# Zack and Miri Make a porno



## crazymtf (Nov 1, 2008)

Anyone see this yet? Saw it tonight, very very funny with a good bit of romance. Can't wait for role model next.


----------



## Mecha-Kisame (Nov 1, 2008)

I noticed on TV commercials they've started leaving out the "Make a Porno" part of the title lol.

I've yet to watch it, might tomorrow.


----------



## crazymtf (Nov 1, 2008)

Really? That's stupid. Porno is everywhere, no need to hide it.


----------



## MF NaruSimpson (Nov 1, 2008)

i'm not really a fan of that seth rogan.  He comes off as "acting like himself" , doesn't interest me.


----------



## crazymtf (Nov 1, 2008)

Cause he's actually funny unlike ones who try to be. I know such a shame.


----------



## Cair (Nov 1, 2008)

I dunno. I've only seen 2 or so commercials or so and it's rated R. 



Gotta wait.


----------



## LittleBlondePunk (Nov 1, 2008)

I want to see this movie 

"Its poo water"


----------



## Koi (Nov 1, 2008)

I haven't seen it yet, but hopefully some time this week. (:  Really looking forward to it.  And then Role Models next week, hah.

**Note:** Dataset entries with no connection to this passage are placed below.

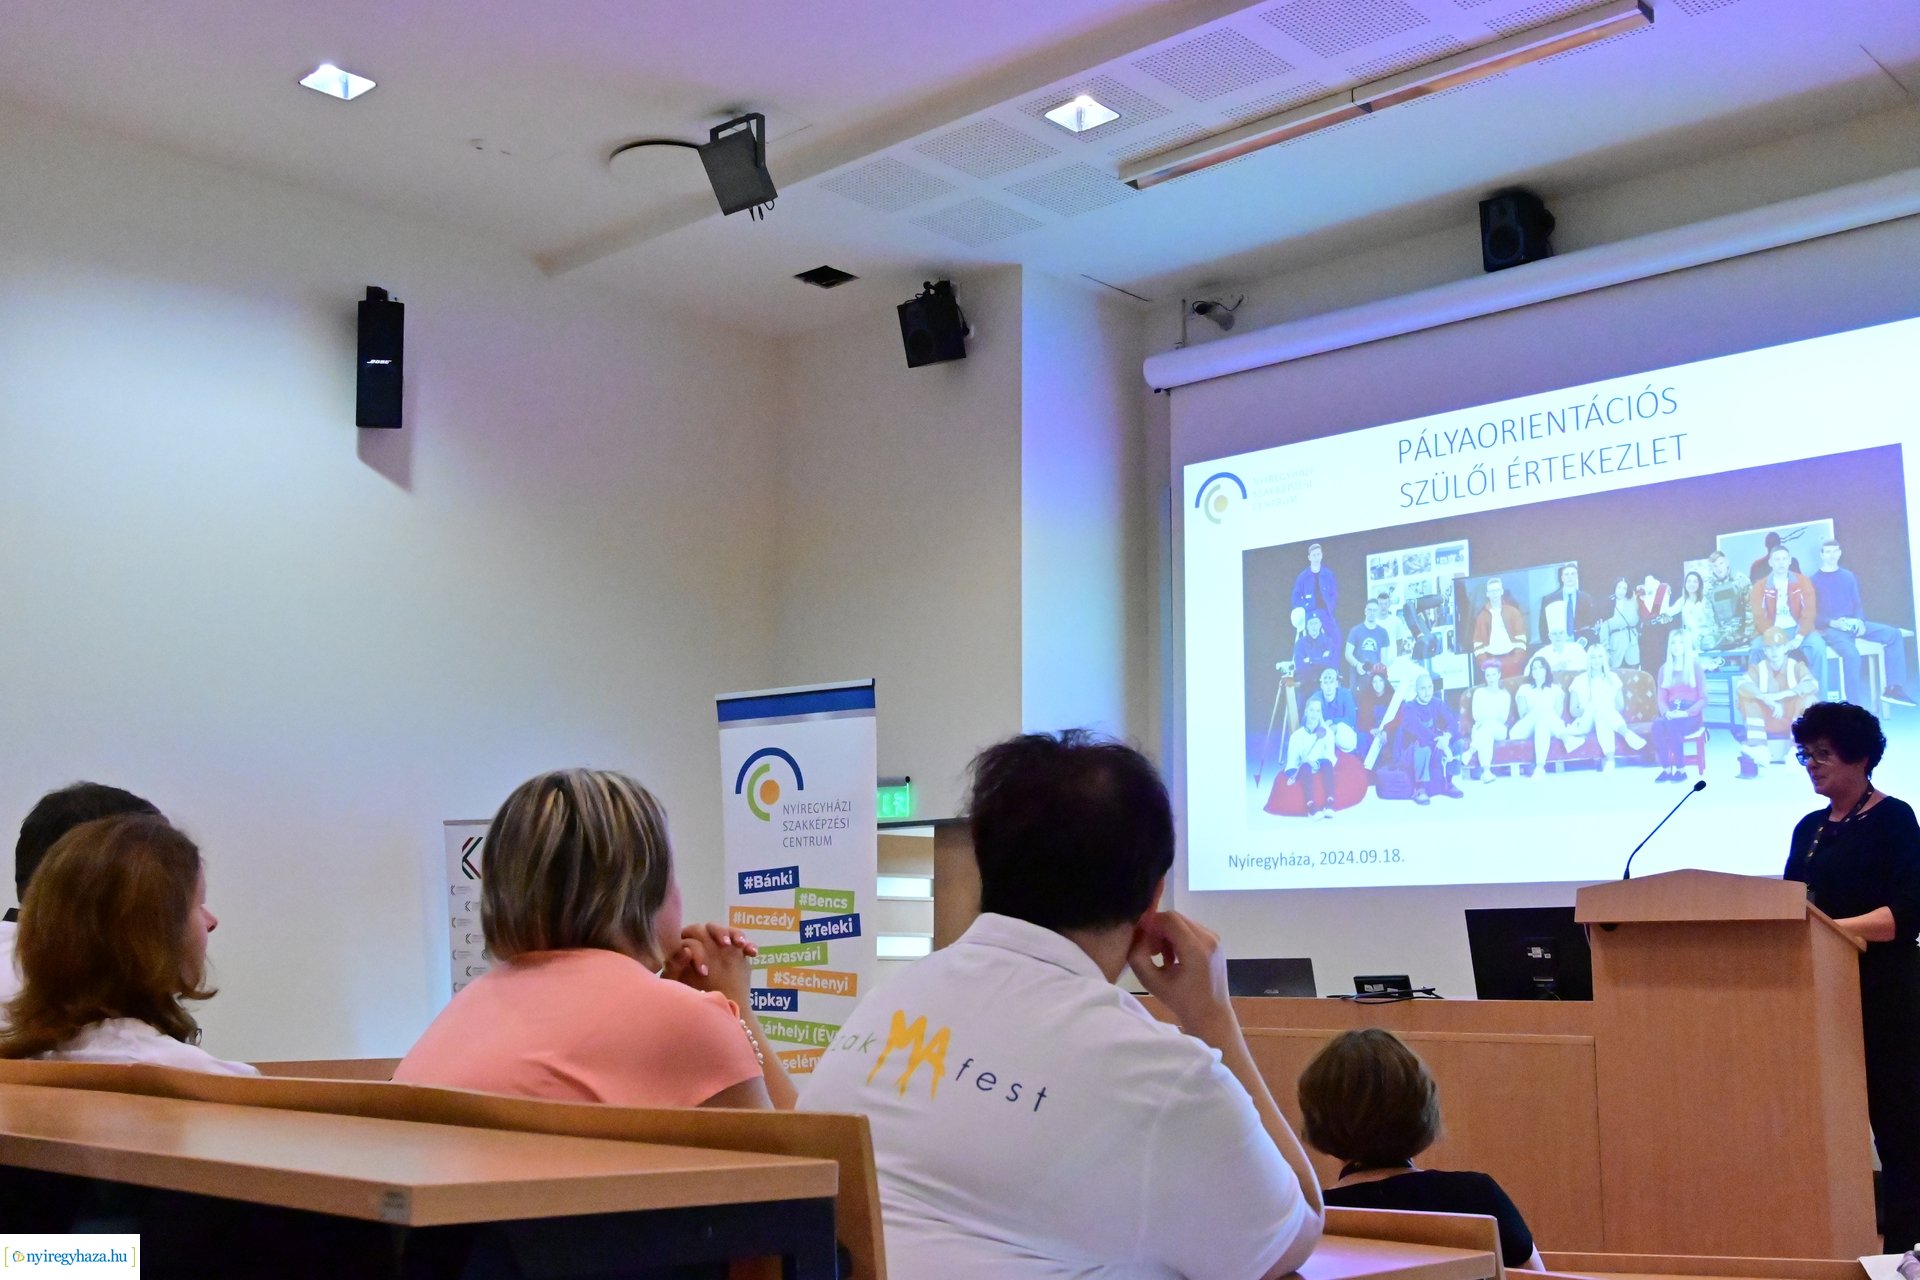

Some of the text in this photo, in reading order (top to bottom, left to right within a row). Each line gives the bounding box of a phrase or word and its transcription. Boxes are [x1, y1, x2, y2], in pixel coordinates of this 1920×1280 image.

[1398, 383, 1678, 464] PÁLYAORIENTÁCIÓS
[1400, 432, 1689, 508] SZÜLŐI ÉRTEKEZLET
[782, 799, 851, 815] NYÍREGYHÁZI
[782, 816, 850, 832] SZAKKÉPZÉSI
[782, 835, 833, 848] CENTRUM
[1228, 848, 1405, 871] Nyíregyháza, 2024.09.18.
[743, 870, 793, 889] #Bánki
[799, 893, 848, 909] #Bencs
[733, 911, 795, 930] #Inczédy
[804, 918, 853, 938] #Teleki
[773, 970, 848, 991] #Széchenyi
[761, 1020, 809, 1041] árhelyi
[955, 1058, 1048, 1112] fest

Either way, the reviews have been generally good, which shocks me, especially considering it's a Smith flick, and the critcs just love to hate the guy.

Also, Smith's doing a talk in Redbank this week.  (Where the Stash is, and it isn't too far from where I live.)  I'm thinking about grabbing a cheap ticket and going, heh.


----------



## Chee (Nov 2, 2008)

I wanted to see it yesterday but my dad heard "make a porno" and was instantly turned off. 

So I saw Changeling instead (while the rest of my family saw Max Payne, poor guys).


----------



## crazymtf (Nov 2, 2008)

Koi said:


> I haven't seen it yet, but hopefully some time this week. (:  Really looking forward to it.  And then Role Models next week, hah.
> 
> Either way, the reviews have been generally good, which shocks me, especially considering it's a Smith flick, and the critcs just love to hate the guy.
> 
> Also, Smith's doing a talk in Redbank this week.  (Where the Stash is, and it isn't too far from where I live.)  I'm thinking about grabbing a cheap ticket and going, heh.



Yeah i dunno i like smith's movies, some i dislike cause there so dumb but most i like cause there just funny movies. This though was probably my fave one from him since clerks.


----------



## SmackyTheFrog (Nov 3, 2008)

How does it stack to Pineapple Express?  Some theaters at where I live have banned it.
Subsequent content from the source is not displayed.